▶ [INFORMATION SHOWN]
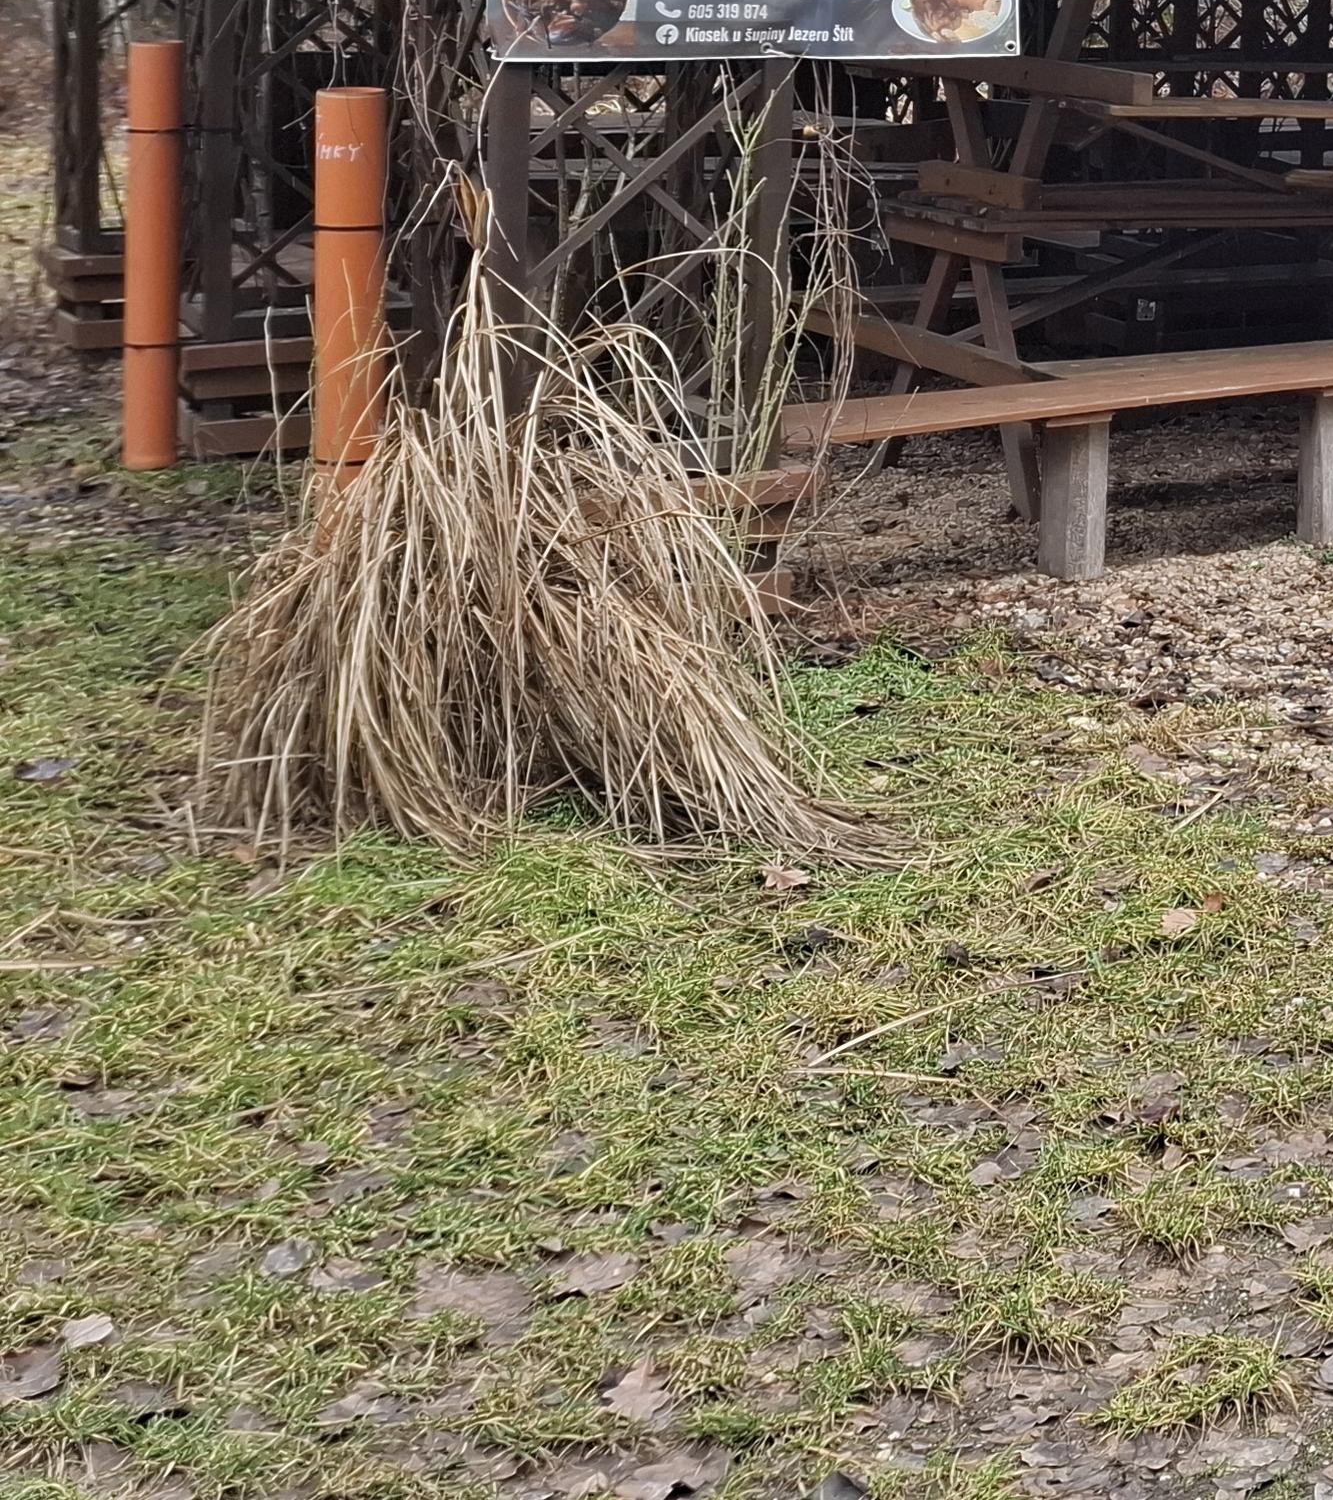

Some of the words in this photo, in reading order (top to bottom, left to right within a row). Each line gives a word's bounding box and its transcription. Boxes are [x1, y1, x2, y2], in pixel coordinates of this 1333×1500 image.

[688, 4, 713, 19] 605
[716, 4, 739, 19] 319
[744, 4, 768, 19] 874
[686, 27, 729, 42] Kiosek
[733, 31, 741, 42] u
[745, 28, 786, 44] šupiny
[788, 26, 829, 42] Jezero
[832, 24, 854, 42] Štít

▶ [WORK REQUEST]
Print each entry precisely as written; the pictures stay out.

▶ [RESPONSE]
Some of the words in this photo, in reading order (top to bottom, left to right within a row). Each line gives a word's bounding box and its transcription. Boxes are [x1, y1, x2, y2], in pixel coordinates of this 1333×1500 image.

[688, 4, 713, 19] 605
[716, 4, 739, 19] 319
[744, 4, 768, 19] 874
[686, 27, 729, 42] Kiosek
[733, 31, 741, 42] u
[745, 28, 786, 44] šupiny
[788, 26, 829, 42] Jezero
[832, 24, 854, 42] Štít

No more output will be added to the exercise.